Not as free as some believe it to be, not as bounded as other think it to be, free will does exist. And allows us to evolve on an individual basis. During the life span of the current generation.

Only there’s a small problem here.
Cognitive dissonance.
No matter how conscient – aka aware of our own misgivings, each of us might be, our first tendency when confronted with arguments contradicting our previously held convictions is to rationalize away those arguments.
Change convictions according to the newly acquired knowledge? Maybe later…
Don’t believe me? How much time elapsed between learning that smoking is bad for you and actually quitting? See what I mean?

Hence my ‘impression’ that ‘conscience’ is more concerned about maintaining its own consistency than with the fate of the biological organism which actually supports it.

Want some more arguments?

Northern Italy. France. Spain. Bad Corona-virus outbreaks, followed by intense lock-downs. Currently the situations are, basically, under control. Suggesting that people do learn, fast, when confronted by really dire circumstances.
Taiwan, Japan, South Korea, Singapore… reacted immediately, had relatively few problems. Suggesting that people are able to learn from past experiences. The ‘original’ SARS, you know…
Germany had a less ‘dramatic’ trajectory. Suggesting people may, under certain circumstances, learn from others.
US and Brazil. The rest of the US, actually. The NE having experienced the North Italian scenario. Too many people concerned more with remaining consistent with their previous selves than with adapting to the new challenge. ‘Government tries to subdue us’ and ‘masks are an infringement to personal liberty’.
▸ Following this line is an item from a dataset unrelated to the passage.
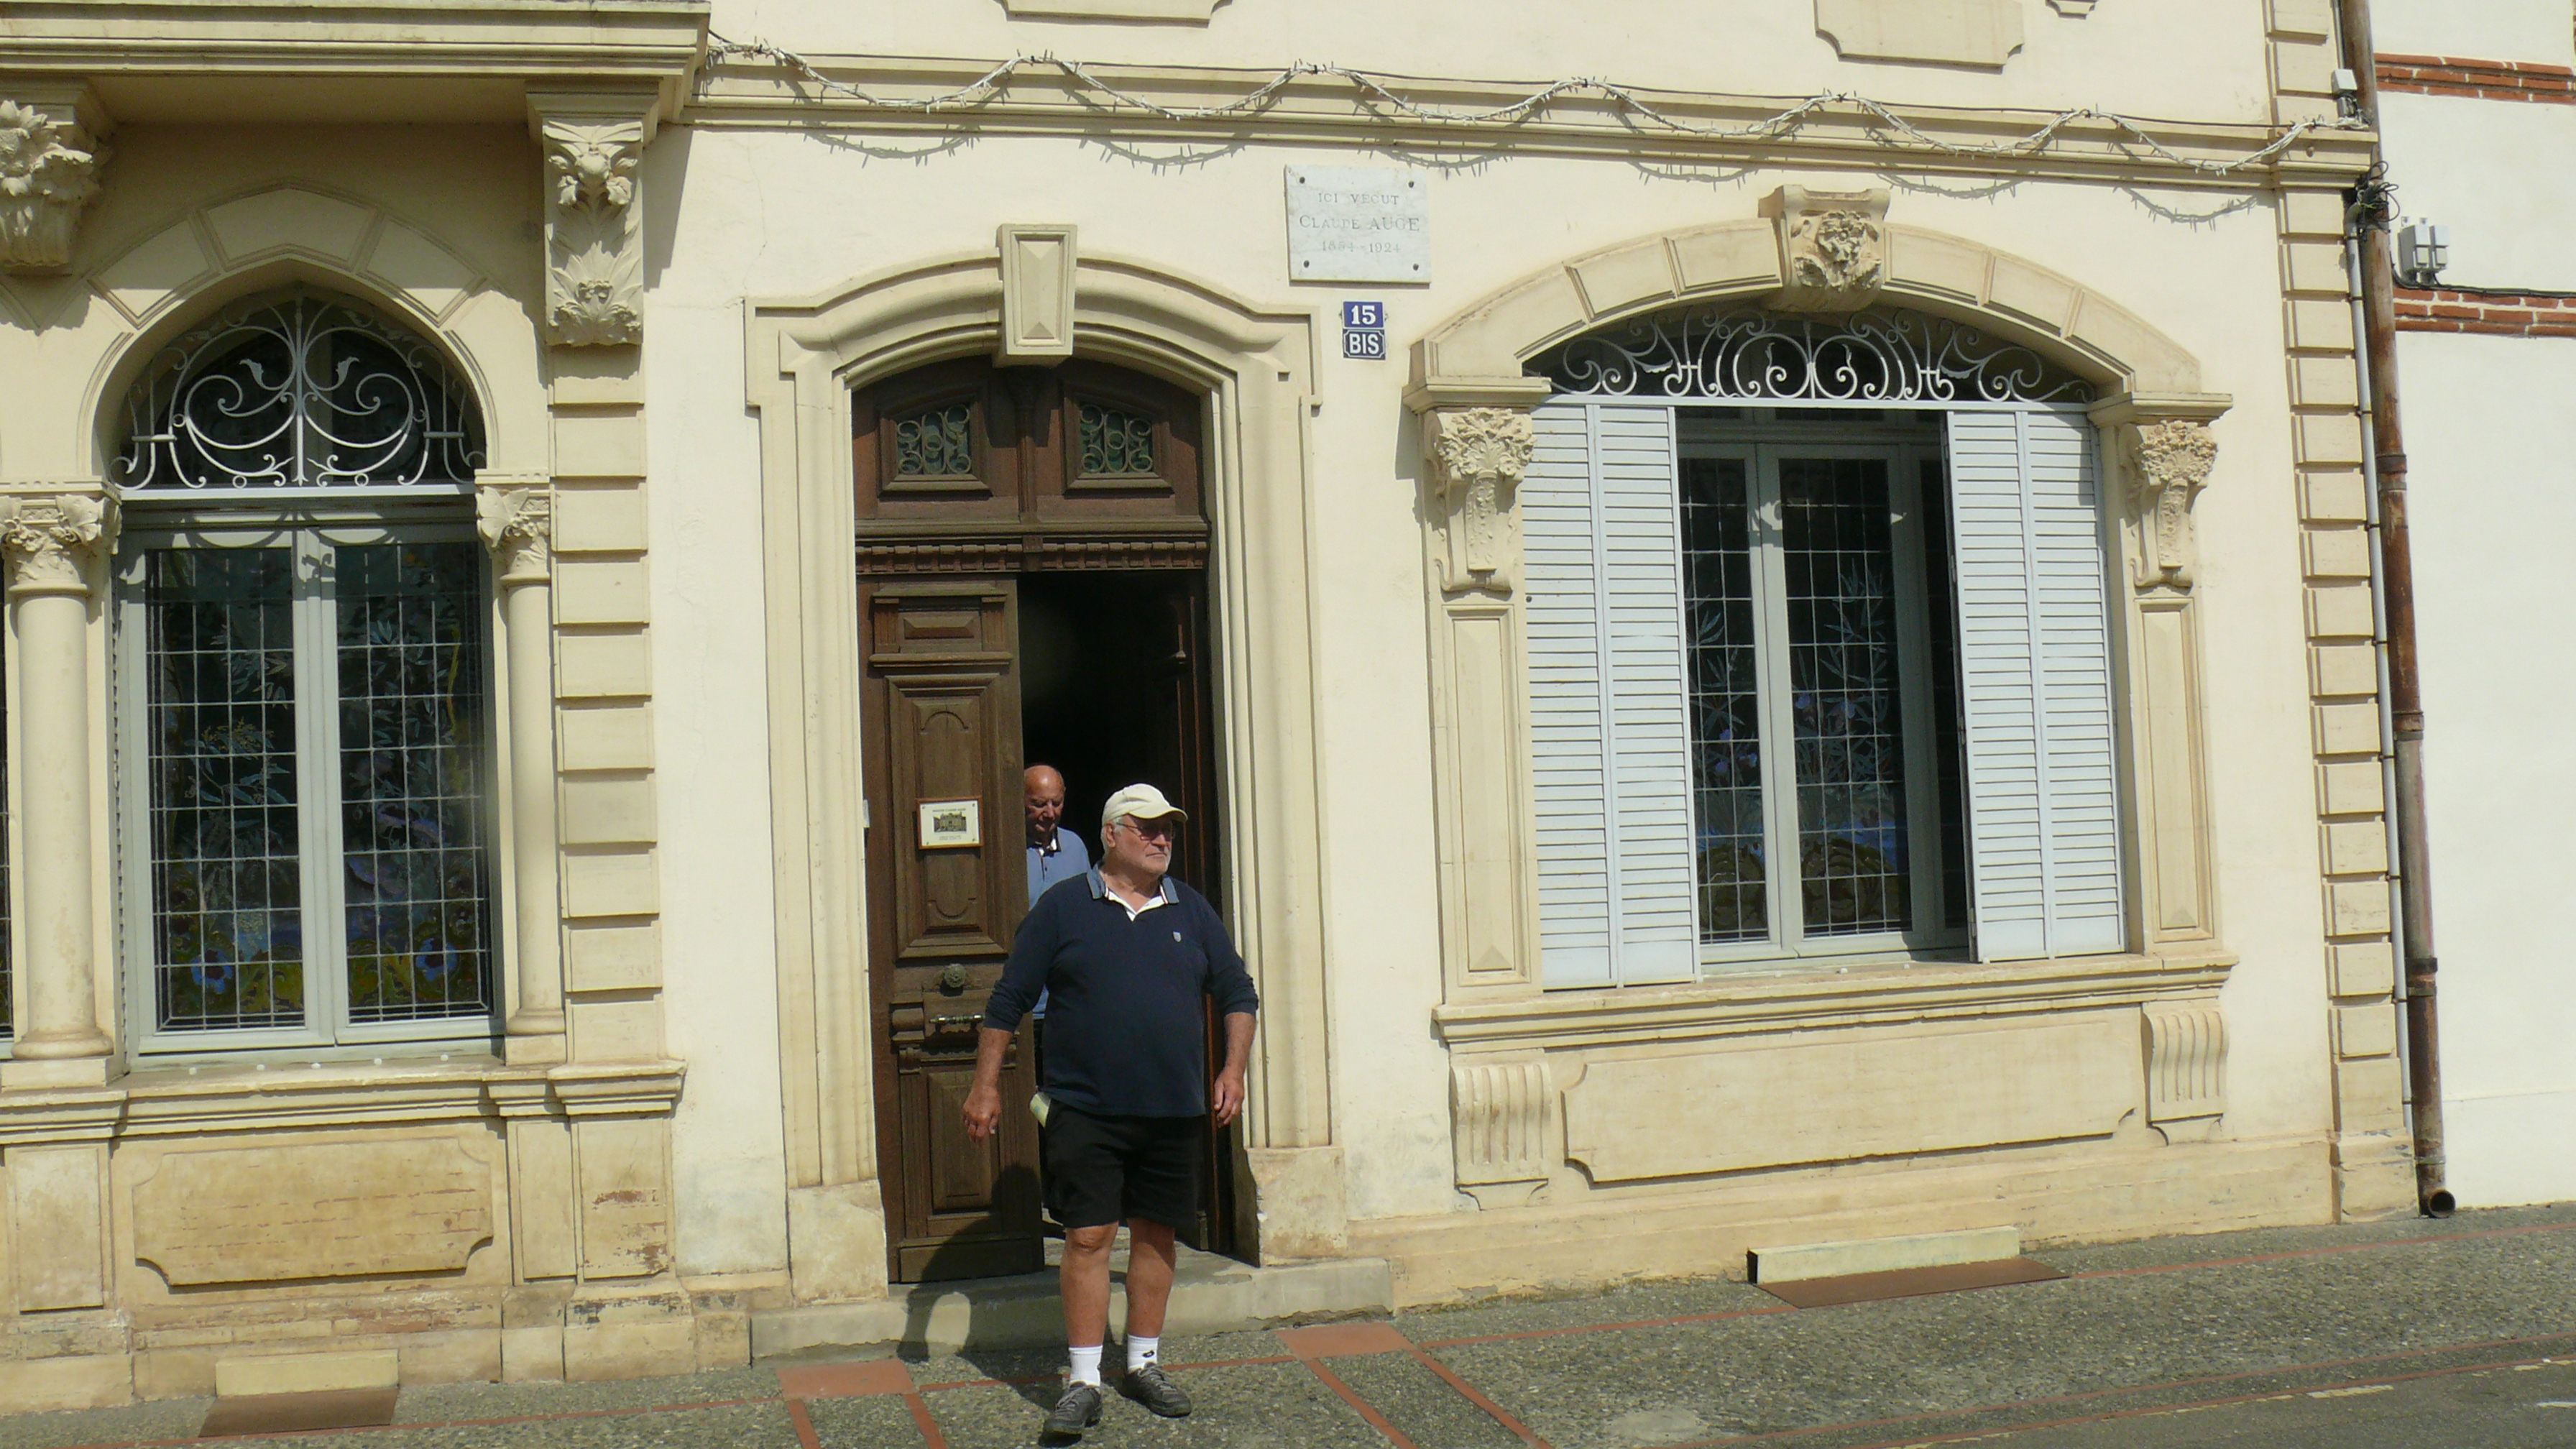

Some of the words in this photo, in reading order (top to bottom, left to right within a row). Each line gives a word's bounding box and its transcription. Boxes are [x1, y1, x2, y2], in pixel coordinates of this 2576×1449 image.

What about China and Russia?
I’ll let you be the judge of that. Only you need to remember that ‘free will’ is of a totally different nature there than it is here. In the rest of the world.

Same in India. With a twist. While in China/Russia free will is stifled from above, in India – and in too many other developing nations, free will is ‘conscripted’ by poverty. It is very hard to think about the day after tomorrow if you don’t know whether you’ll be able to eat tomorrow.
Even less so if you are hungry right now.
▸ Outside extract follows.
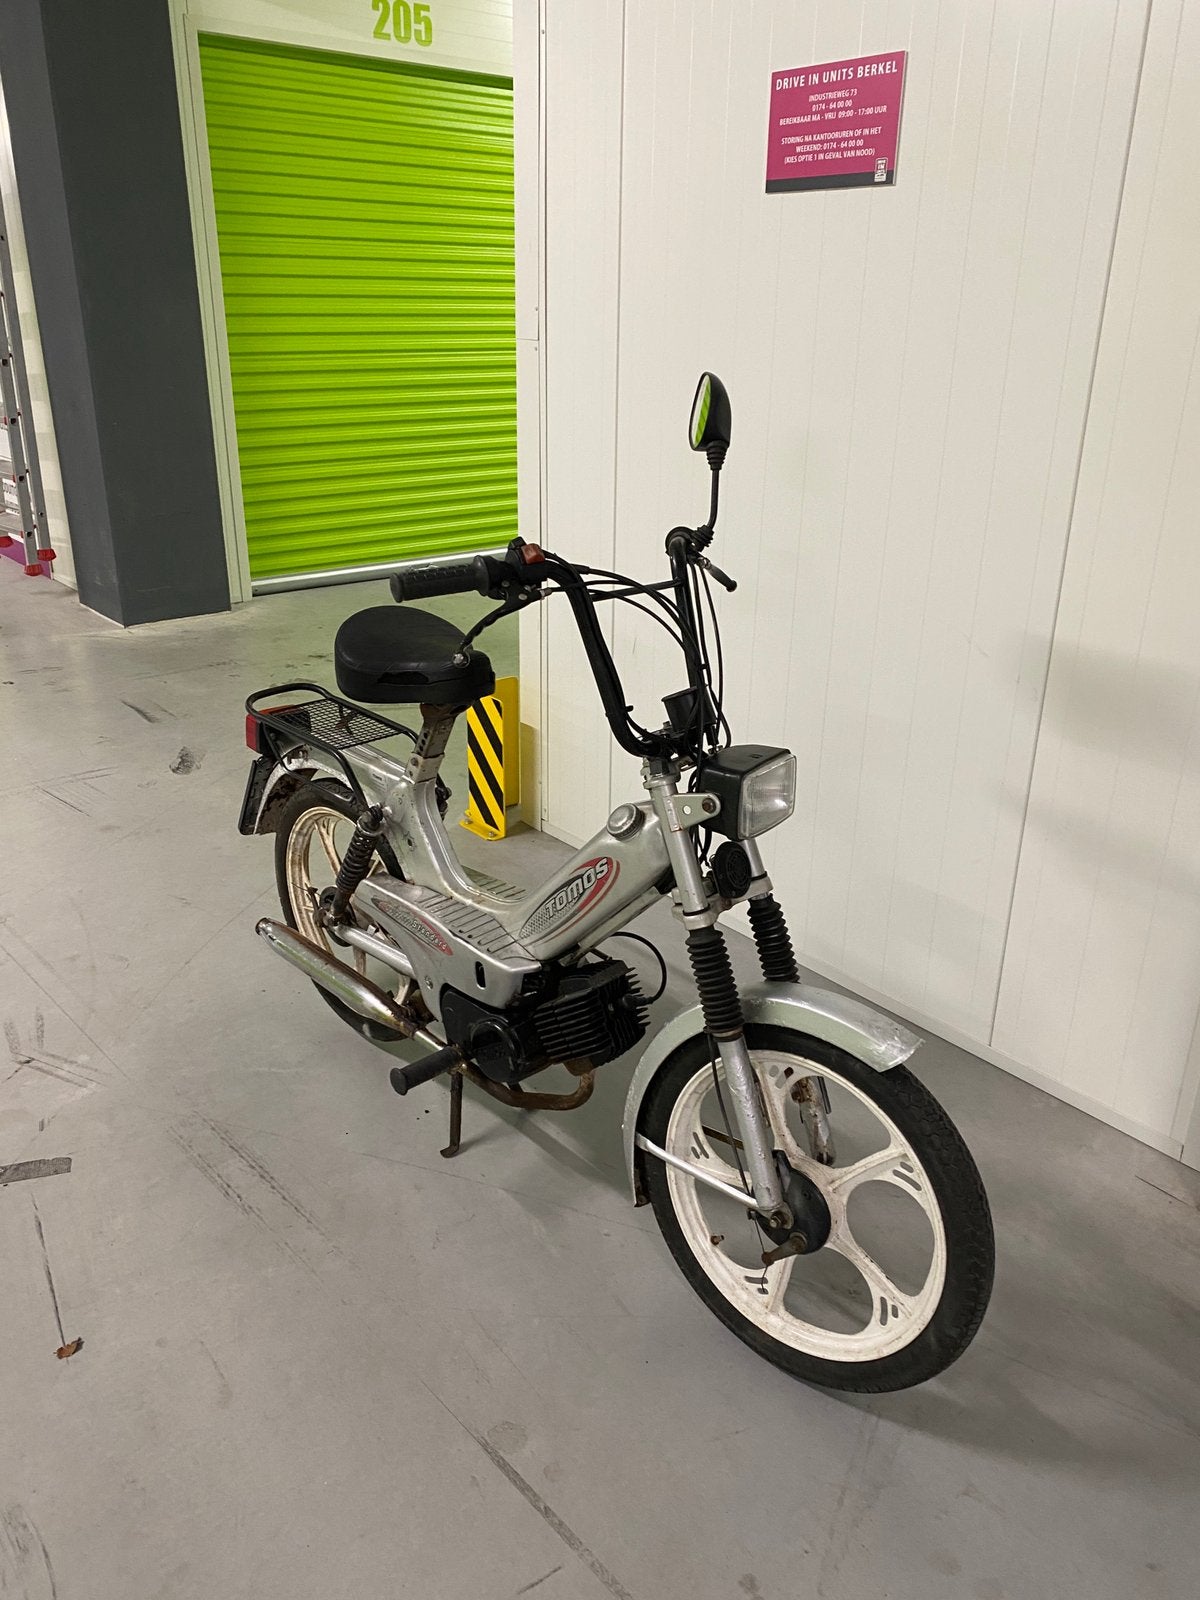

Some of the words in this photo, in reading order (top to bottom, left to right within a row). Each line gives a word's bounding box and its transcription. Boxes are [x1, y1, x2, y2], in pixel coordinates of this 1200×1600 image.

Charles Darwin gave us “On the origin of Species”.

We’ve summed it up ‘the survival of the fittest’.
And behaved accordingly. Including some of those who should have known better. “The world of the selfish gene revolves around savage competition, ruthless exploitation, and deceit, and yet, Dawkins argues, acts of apparent altruism do exist in nature.

I reckon all of you know – or at least have heard of, Richard Dawkins.
Compare his celebrity with the relative absence from the public scene ‘enjoyed’ by Ernst Mayr.
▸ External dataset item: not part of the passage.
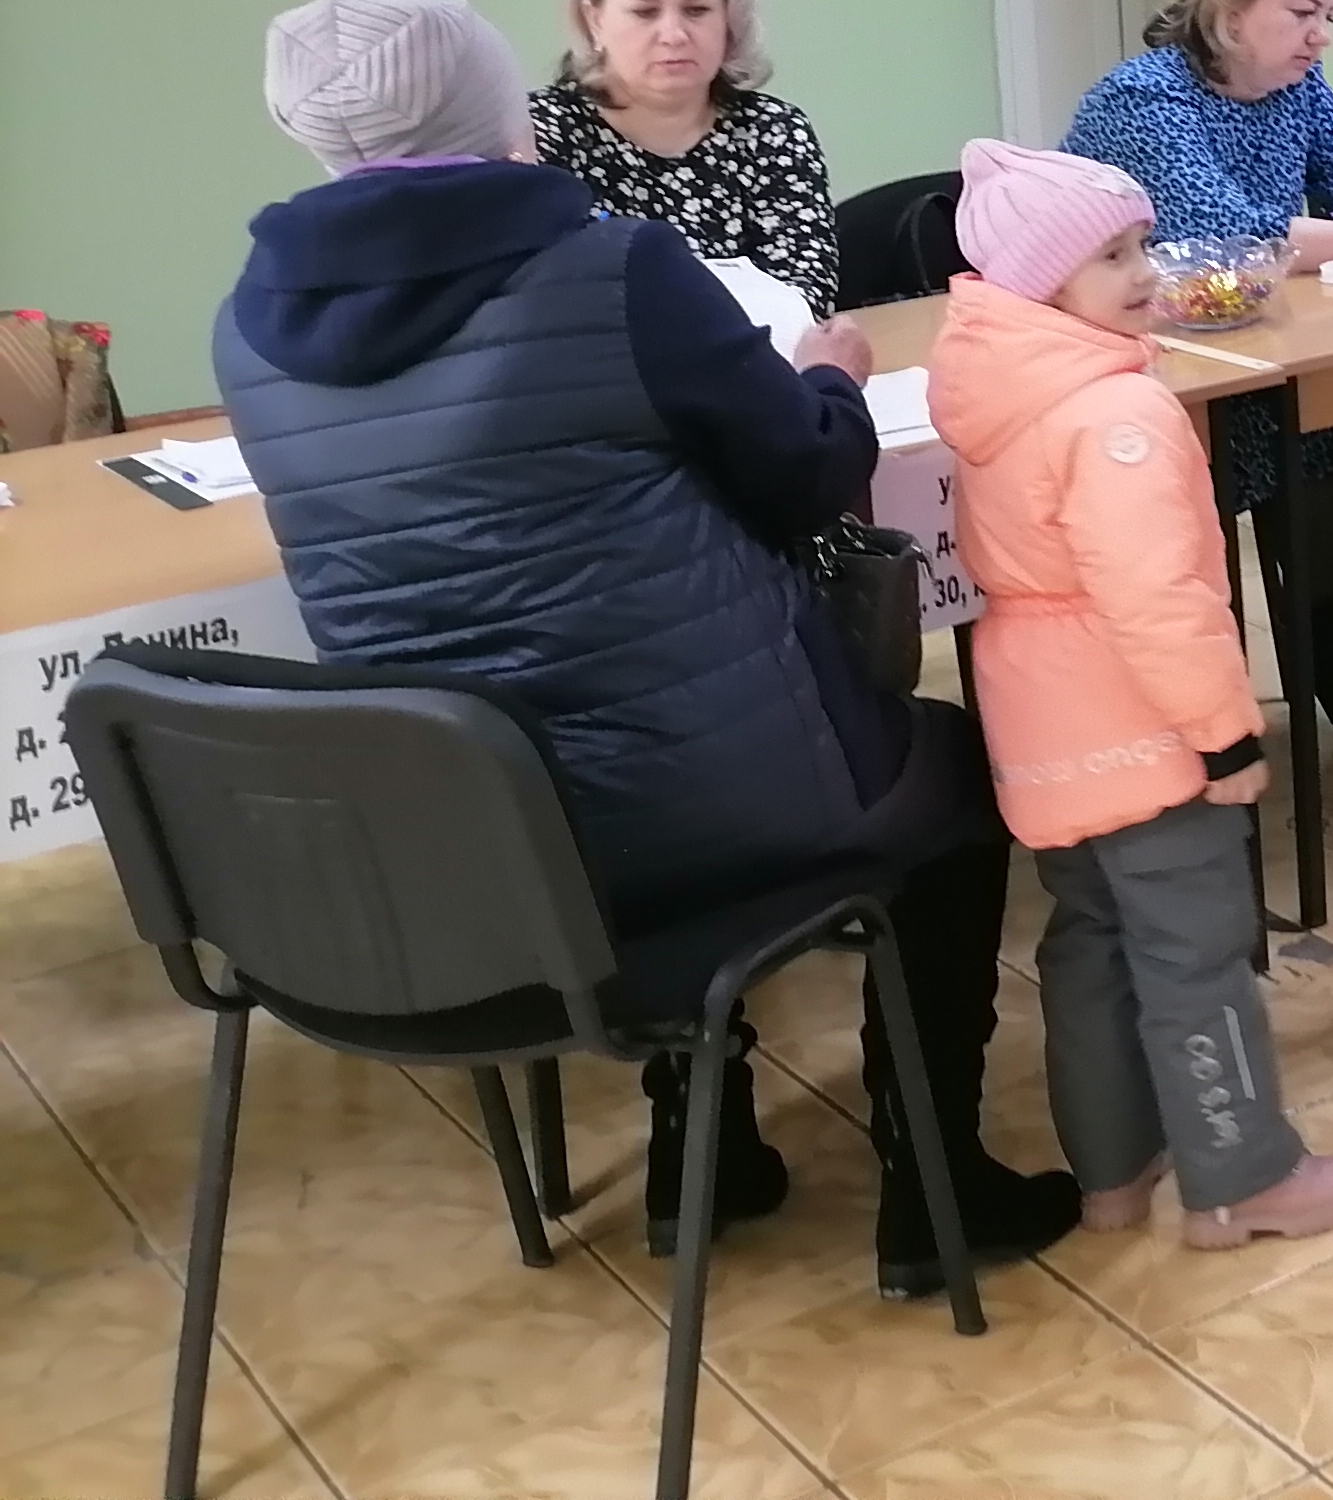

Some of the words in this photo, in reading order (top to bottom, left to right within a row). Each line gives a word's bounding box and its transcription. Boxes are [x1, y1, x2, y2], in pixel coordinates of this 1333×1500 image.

And what’s so special about this Mayr guy?
‘Evolution is not as much about the ‘survival of the fittest’ as it is about the ‘demise of the unfit’ ‘

Get it?
In fact, there is no such thing as ‘the fittest’ when we speak about evolution. ‘Fit’ is relative while evolution is a process. Fit is about ‘this moment and this place’ while evolution is about the ability to adapt. To change when needed.

And what has any of these to do with “exploring the consequences of our limited conscience”?

Well, it was us who had interpreted Darwin’s ‘Origin of the Species’ as ‘the survival of the fittest’ individual. It was us who had lionized Dawkins’ ‘Selfish Gene’ and left Mayr’s ‘True’ Evolution in relative darkness…

To sum it up, it is us who are are obsessed with something we call ‘success’.

It is us who keep forgetting that the mighty dinosaurs – maybe the most ‘successful’ animals ever, had been the first to disappear when ‘shit’ had struck. And that is was a meek mammal which had inherited the Earth.

It is our success craving conscience which is highly biased. And I’m not at all sure this is a good thing. In the long run, I mean.